Unnamed: 0,price,vehicle_type,registration_year,gearbox,power,model,mileage,registration_month,fuel_type,brand,not_repaired
1,18300,coupe,2011,manual,190,unknown,125000,5,gasoline,audi,yes
2,9800,suv,2004,auto,163,grand,125000,8,gasoline,jeep,unknown
3,1500,small,2001,manual,75,golf,150000,6,petrol,volkswagen,no
4,3600,small,2008,manual,69,fabia,90000,7,gasoline,skoda,no
5,650,sedan,1995,manual,102,3er,150000,10,petrol,bmw,yes
6,2200,convertible,2004,manual,109,2_reihe,150000,8,petrol,peugeot,no
8,14500,bus,2014,manual,125,c_max,30000,8,petrol,ford,unknown
10,2000,sedan,2004,manual,105,3_reihe,150000,12,petrol,mazda,no
11,2799,wagon,2005,manual,140,passat,150000,12,gasoline,volkswagen,yes
12,999,wagon,1995,manual,115,passat,150000,11,petrol,volkswagen,unknown


### Data Preparation Conclusions

Steps Taken:
- Loaded dataset and analyzed column type and non-null values
- Renamed each column to lowercase and snake_case where applicaable 
- Dropped implausible values from data and duplicate rows, as well as filled in missing values with 'unknown' as I couldn't think of a better option
- Lastly dropped columns that would not be relevant in the model training and development. Meaning, the date that the user's profile was active or made, will not affect the price of the car.

## Model training

In [None]:
# Features
x = df.drop('price', axis=1)

# Target
y = df['price']

x_train, x_valid, y_train, y_valid = train_test_split(
    x, y, test_size=0.25, random_state=12345)

In [15]:
x_train = pd.get_dummies(x_train, drop_first=True)
x_test = pd.get_dummies(x_valid, drop_first=True)

# Aligning columns 
x_train, x_valid = x_train.align(x_valid, join="left", axis=1, fill_value=0)

In [16]:
model_lr = LinearRegression()

start_time = time.time()

model_lr.fit(x_train, y_train)

train_time = time.time() - start_time

print(f'Training time took: {train_time:.2f} seconds')
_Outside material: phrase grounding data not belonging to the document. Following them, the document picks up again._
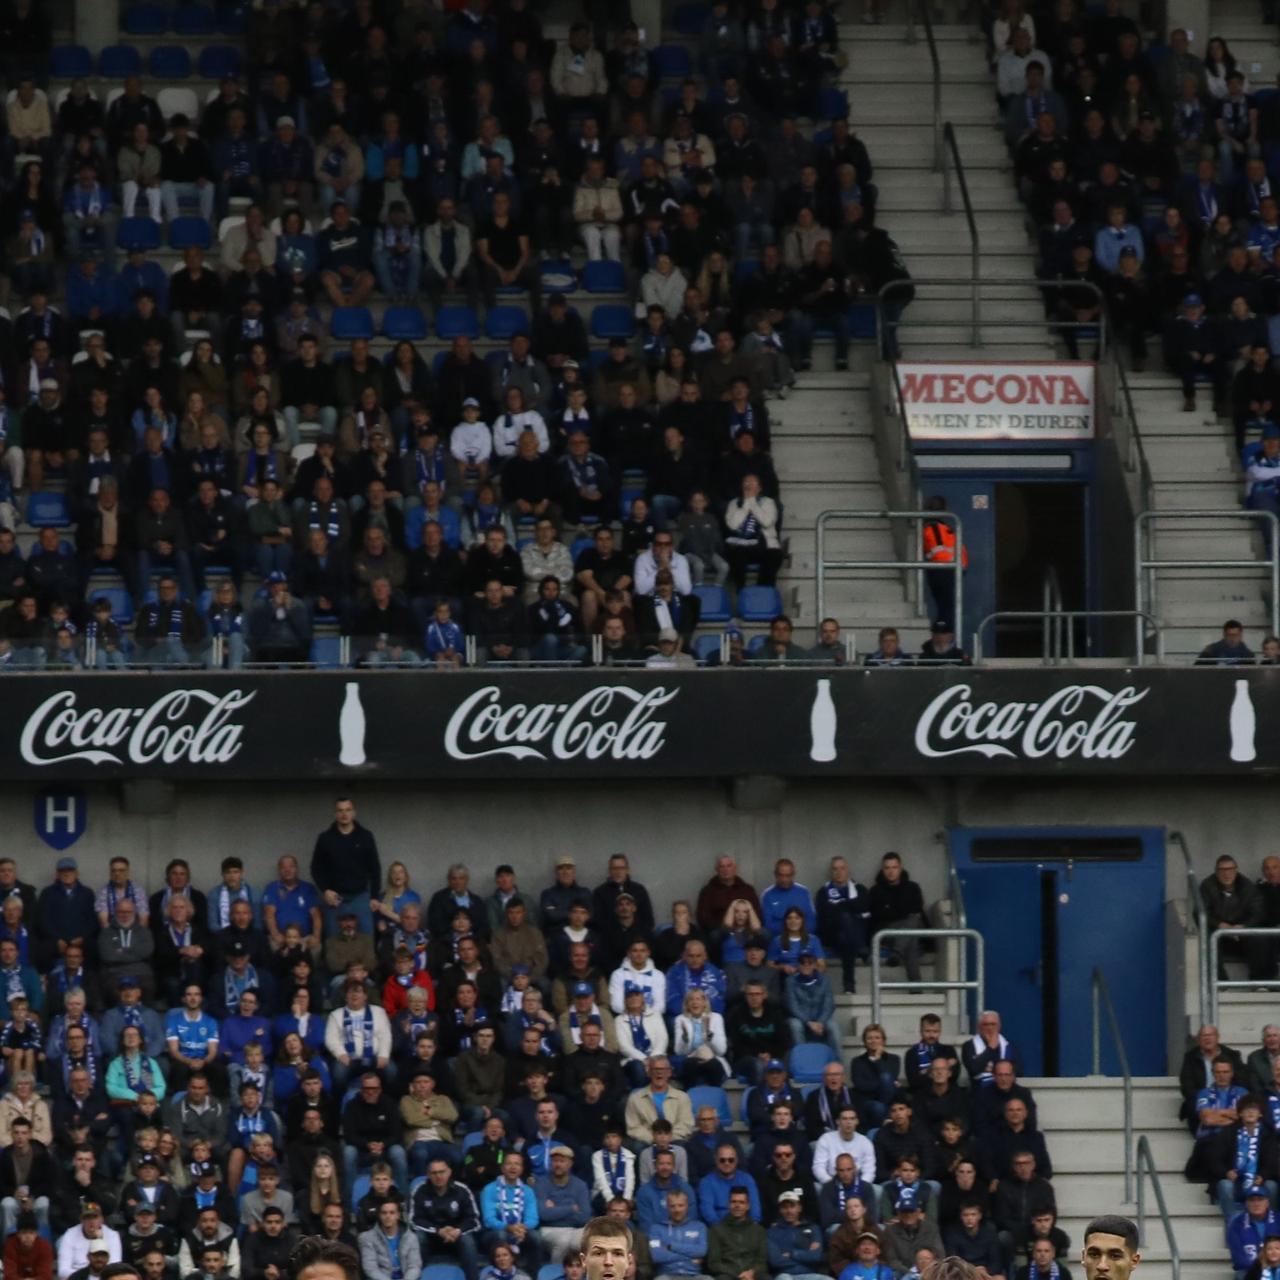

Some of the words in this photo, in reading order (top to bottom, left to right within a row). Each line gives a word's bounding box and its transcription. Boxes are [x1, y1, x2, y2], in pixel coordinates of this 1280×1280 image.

[899, 373, 1090, 404] MECONA
[910, 414, 969, 429] AMEN
[975, 414, 1003, 429] EN
[1008, 414, 1089, 430] DEUREN
[21, 690, 254, 764] Coca-Cola
[445, 686, 678, 759] Coca-Cola
[915, 684, 1149, 758] Coca-Cola
[45, 796, 76, 833] H
Training time took: 1.59 seconds


In [17]:
start_time = time.time()

xlr_pred = model_lr.predict(x_valid)

predict_time = time.time() - start_time

print(f'Prediction time took: {predict_time:.2f} seconds')

Prediction time took: 0.07 seconds


In [18]:
rmse_lr = root_mean_squared_error(y_valid, xlr_pred)

print(f'RMSE for Linear Regression is: {rmse_lr:.2f}')

RMSE for Linear Regression is: 3331.90


This is the baseline for our other models. Linear regression(LR) is off on price by about $3,331.90. Random Forest Regression(RF), which any advanced model will most likely do better than LR, will hopefully get a lower RMSE. If it doesn't get a lower RMSE than LR, then it tells us something is wrong with the preprocessing or possible overfitting of the model 

In [19]:
model_rf = RandomForestRegressor(n_estimators=100, max_depth=10, n_jobs=-1, min_samples_leaf=3, random_state=12345)

start_time = time.time()

model_rf.fit(x_train, y_train)

train_time = time.time() - start_time

print(f'Training time took: {train_time:.2f} seconds')

Training time took: 28.53 seconds


In [20]:
start_time = time.time()

xrf_pred = model_rf.predict(x_valid)

predict_time = time.time() - start_time

print(f'Prediction time took: {predict_time:.2f} seconds')

Prediction time took: 0.10 seconds


In [21]:
rmse_rf = root_mean_squared_error(y_valid, xrf_pred)

print(f'RMSE for Random Forest Regression is: {rmse_rf:.2f}')

RMSE for Random Forest Regression is: 2294.27


The RMSE went down by about $1,000. This is a huge improvement compared to our baseline of 3331.90. Obviously the reason why RF is performing better is because it handles nonlinear data better than LR, it also aggregates many trees and reduces the variance. It also is more robust to overfitting and would perform better than a single tree like Decision Tree Regression. Next is to use gradient boosting which is a more powerful and faster and should improve the quality and speed of the predictions

In [22]:
lgbm = lgb.LGBMRegressor(n_estimators=500, learning_rate=0.05, max_depth=7, num_leaves=50, n_jobs=-1, random_state=12345)

start_time = time.time()

lgbm.fit(x_train, y_train)

train_time = time.time() - start_time

print(f'Training time: {train_time:.2f} seconds')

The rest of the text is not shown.